Autonomous procurement is the name of the game in the future of the industry. To provide tips and tricks for procurement professionals along their autonomous procurement journey, Jaggaer and the Institute for Supply Management (ISM) released “A Practical Guide to Autonomous Procurement.”
The guide takes the lens that, “The best way to predict the future is to create it.” ISM and Jaggaer said that regardless of the criticism autonomous procurement has gotten in the past, it’s hard to deny that innovation won’t be the way of the future.
Among many insights, readers will learn:
- The role of innovation in business
- How to find a balance between people, process and technology
- Practical steps to the deployment of technology that changes the future
- How to tackle digital adoption and change management
The guide says that there are four main steps to autonomous procurement — automated, augmented, intelligent and autonomous. Right now, the industry sits in the intelligent procurement area. The guide will provide ways in which procurement departments can move from intelligent into autonomous procurement.
Download the “Practical Guide to Autonomous Procurement.”
PRO Unlimited releases workforce hiring trends data
PRO Unlimited, a workforce management solution provider, released new data on Tuesday that shows labor market trends in the workforce using more than 30 billion data points.
The data showed year-over-year growth in the technology sector while companies focus on digital transformation. Strong hiring volume was seen across the San Francisco Bay Area, as well as several Midwest states.
Among the key findings, PRO Unlimited data showed that IT/technology and professional services drove digital transformation. Healthcare saw strong rate growth, with bill rates increasing 45%. And consumer products rebounded, with bill rates rebounding 23%.

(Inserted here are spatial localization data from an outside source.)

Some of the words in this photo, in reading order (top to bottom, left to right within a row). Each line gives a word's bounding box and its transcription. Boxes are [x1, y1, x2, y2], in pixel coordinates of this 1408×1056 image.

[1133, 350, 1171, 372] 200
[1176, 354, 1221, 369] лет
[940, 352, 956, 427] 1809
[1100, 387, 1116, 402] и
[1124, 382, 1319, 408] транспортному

“According to our latest data, all signs point to a strong recovery coming out of the pandemic and plentiful job opportunities to fuel the contingent workforce segment,” Kevin Akeroyd, CEO of PRO Unlimited, said in a press release. “To stay competitive, companies need to embrace technology and business intelligence so they can better understand the market and attract the right resources for their business at the right place and at the right time.”

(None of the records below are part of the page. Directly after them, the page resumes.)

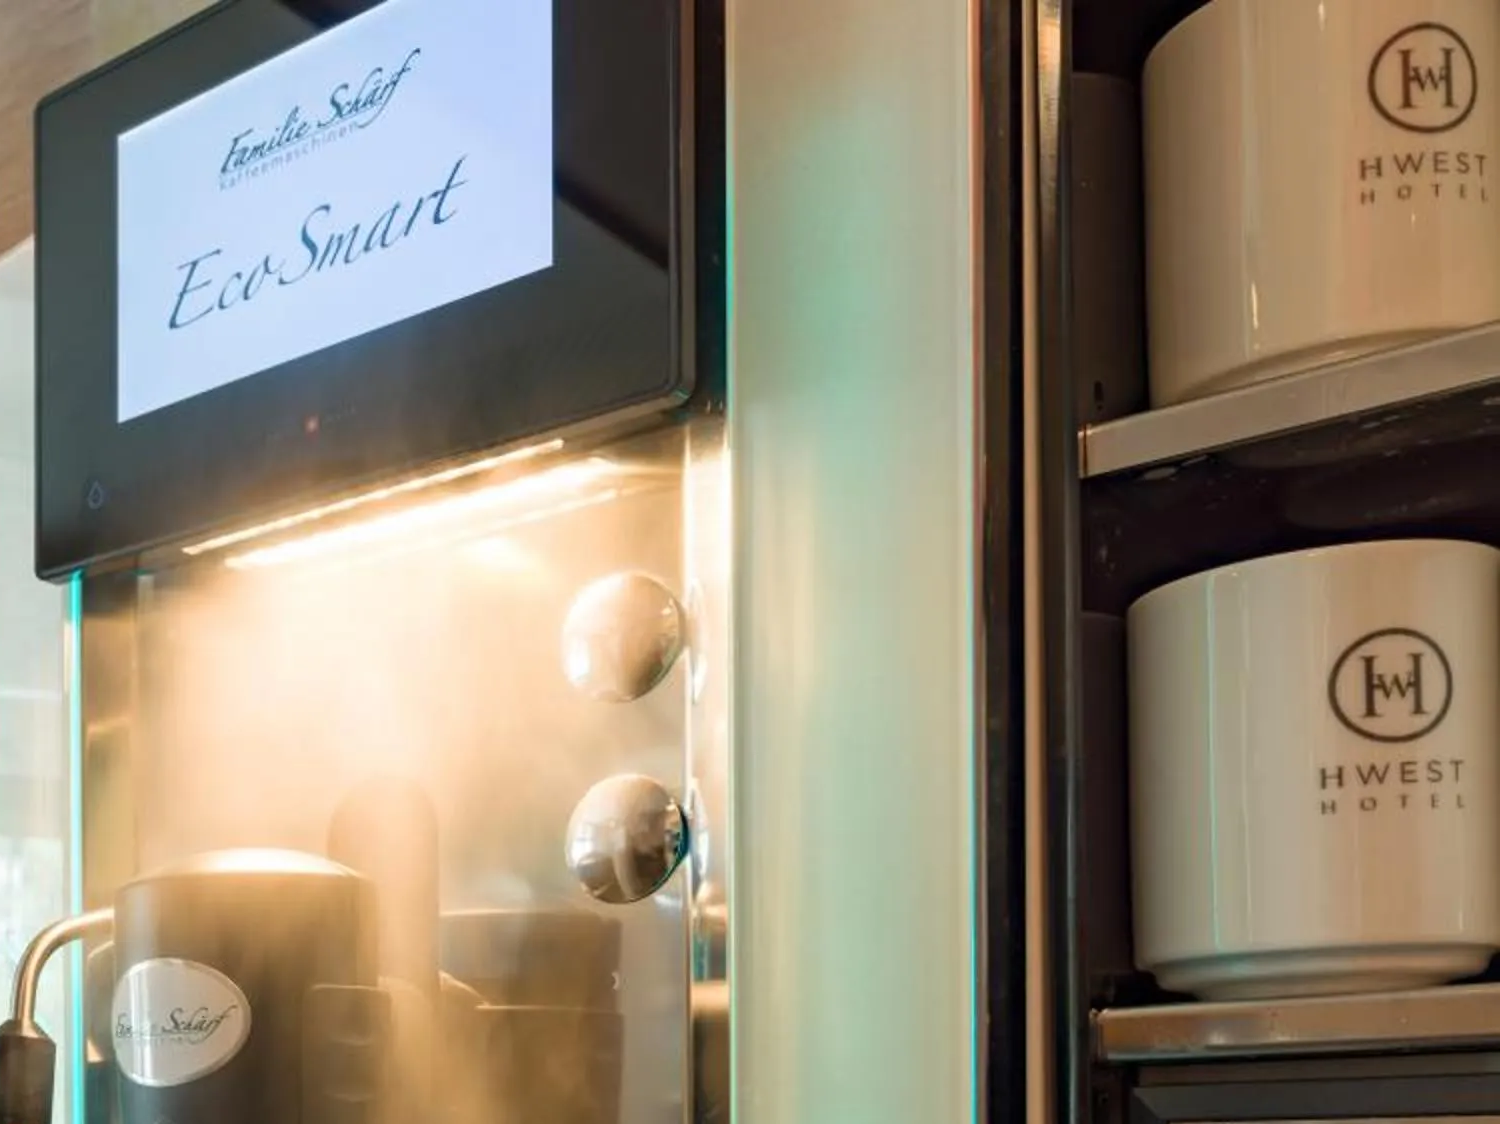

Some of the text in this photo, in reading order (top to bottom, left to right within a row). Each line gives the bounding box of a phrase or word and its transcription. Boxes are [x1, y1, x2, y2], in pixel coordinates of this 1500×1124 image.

[220, 47, 421, 174] Familie Schärf
[1359, 151, 1487, 181] HWEST
[1360, 183, 1489, 205] HOTEL
[168, 153, 470, 330] EcoSmart
[1320, 758, 1464, 790] HWEST
[1320, 793, 1465, 815] HOTEL

Department of Defense cancels JEDI cloud computing contract
On Tuesday, the Pentagon canceled its Joint Enterprise Defense Infrastructure (JEDI) cloud contract, ending a yearslong chapter of the department’s plight to stitch together classified networks which saw a public battle between various tech giants, according to Politico.

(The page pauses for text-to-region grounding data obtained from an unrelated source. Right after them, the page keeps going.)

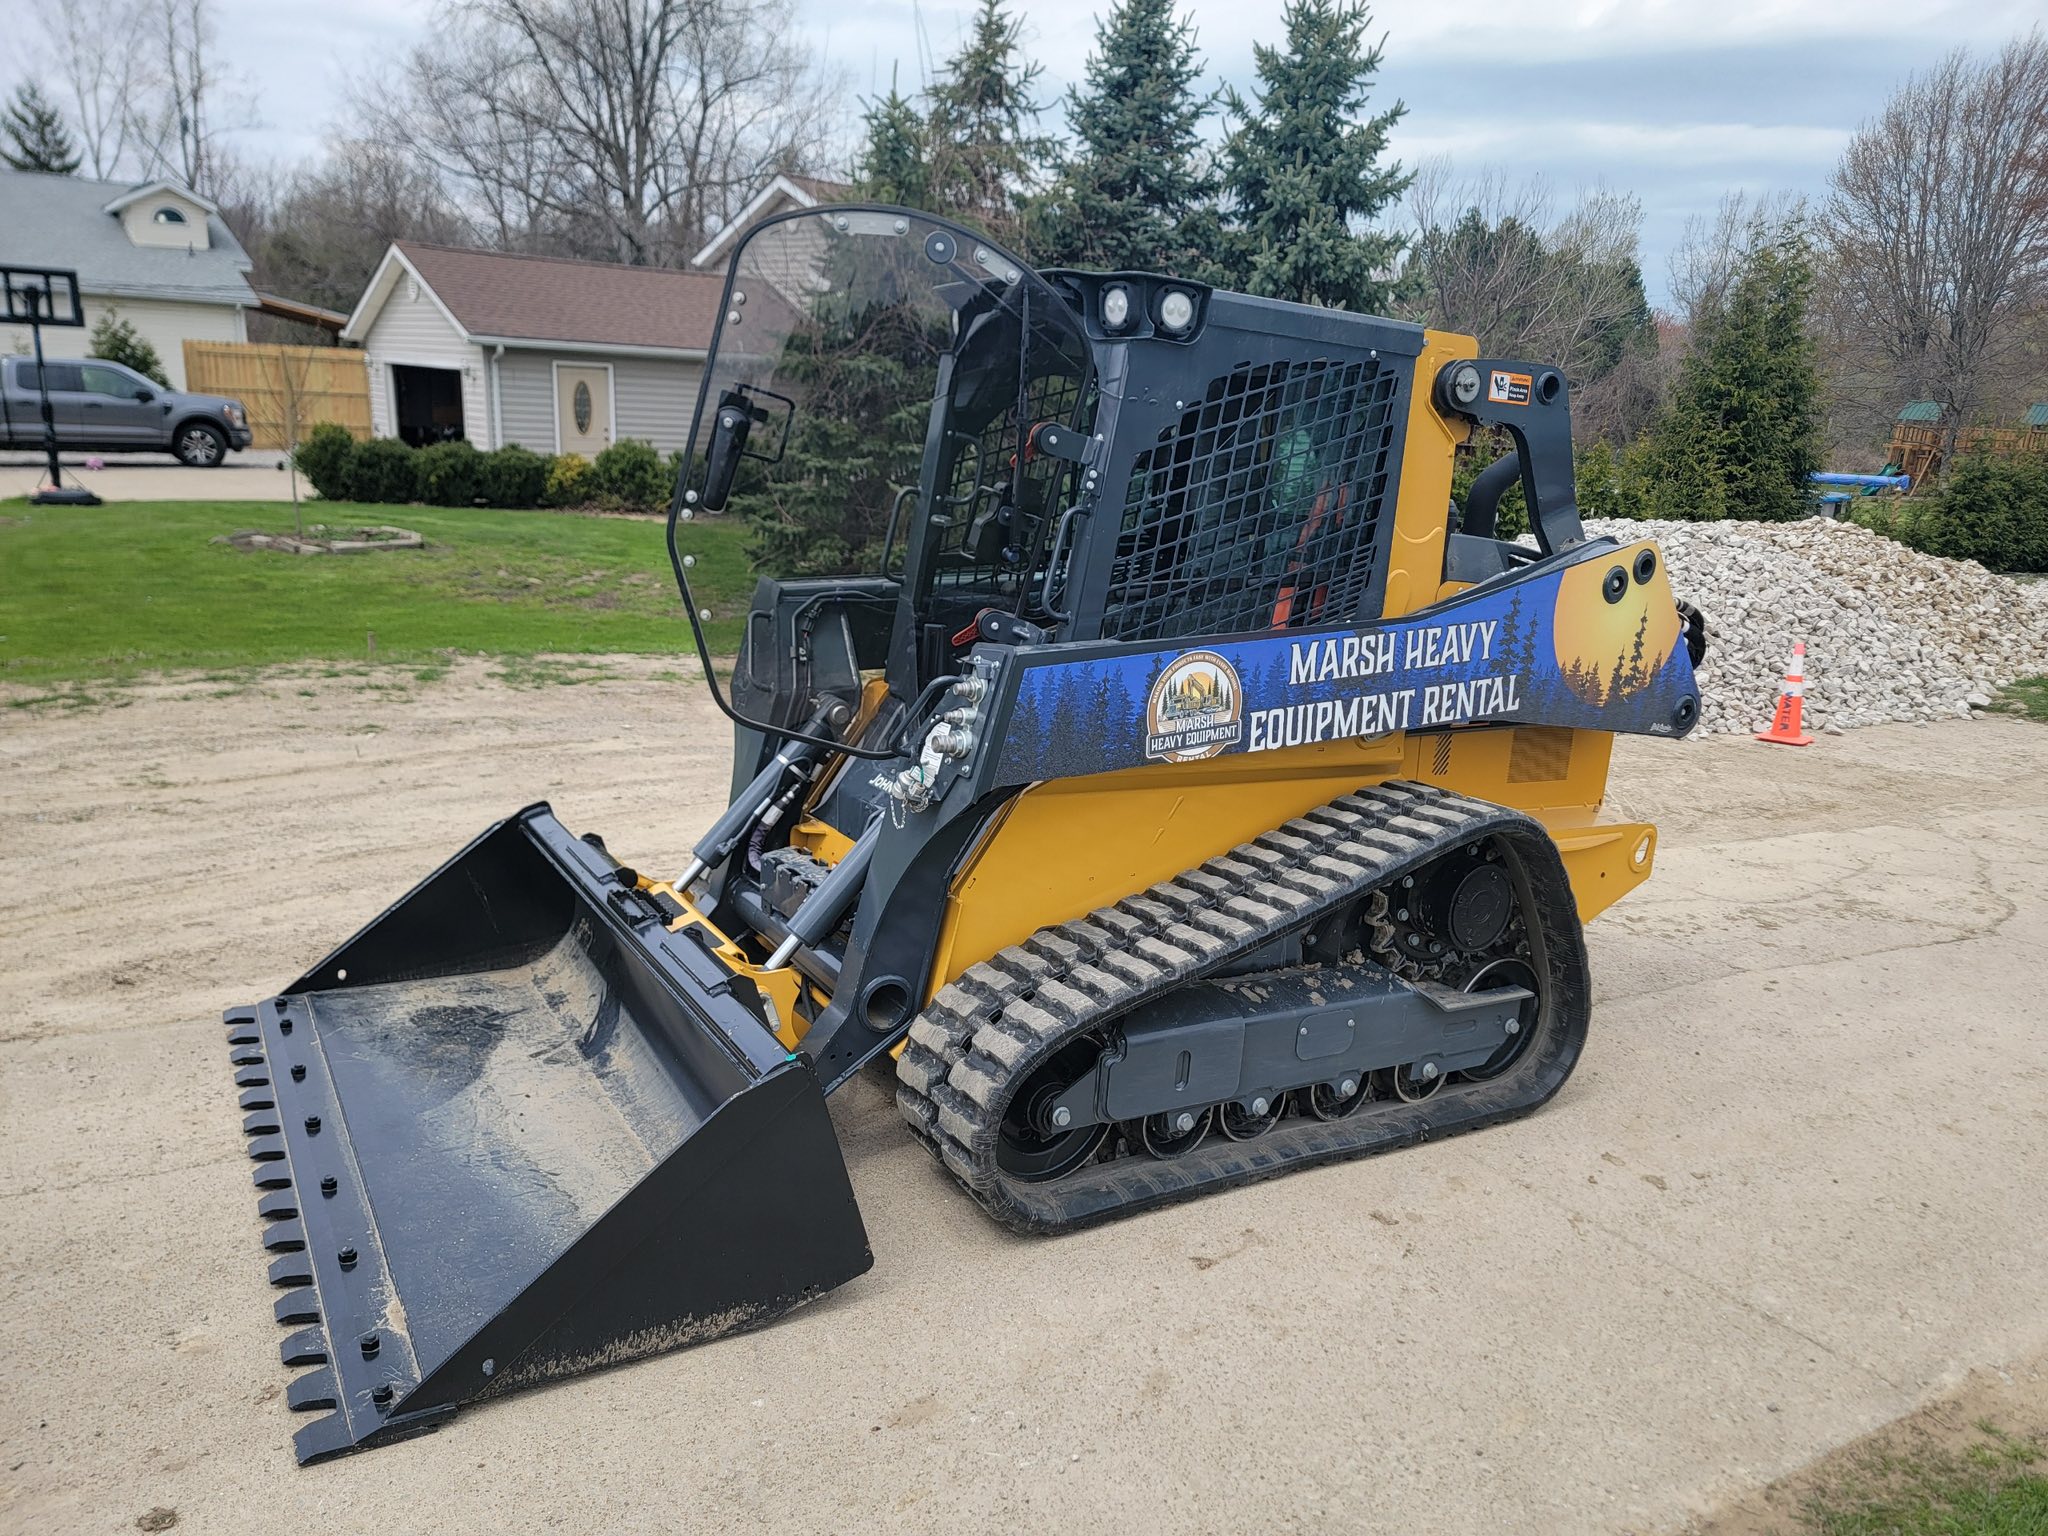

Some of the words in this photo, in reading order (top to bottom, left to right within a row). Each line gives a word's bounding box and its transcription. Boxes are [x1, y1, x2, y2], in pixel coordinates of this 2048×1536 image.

[1289, 632, 1397, 685] MARSH
[1404, 621, 1497, 669] HEAVY
[1176, 715, 1214, 732] MARSH
[1248, 689, 1415, 752] EQUIPMENT
[1422, 675, 1519, 725] RENTAL
[1780, 691, 1793, 730] WATER
[1151, 735, 1183, 751] HEAVY
[1186, 725, 1237, 746] EQUIPMENT

The contract went to Microsoft in 2019, but Amazon argued in a 2019 lawsuit that it lost to Microsoft after former president Donald J. Trump influenced the decision. The contract would have been worth up to $10 billion over 10 years. It was designed to allow for the military to store and process vast amounts of classified data which would allow for more secure information sharing.
The latest decision to cancel the JEDI contract, however, will delay getting a much-needed cloud computing capability to troops, Politico said. “With the shifting technology environment, it has become clear that the JEDI Cloud contract, which has long been delayed, no longer meets the requirements to fill the Department of Defense’s capability gaps,” Jessica Maxwell, a DoD spokesperson, said.
Politico reported that the department is now launching a new cloud effort called the Joint Warfighter Cloud Capability, or JWCC. The Pentagon intends this contract to go to more than one vendor and involve multiple awards.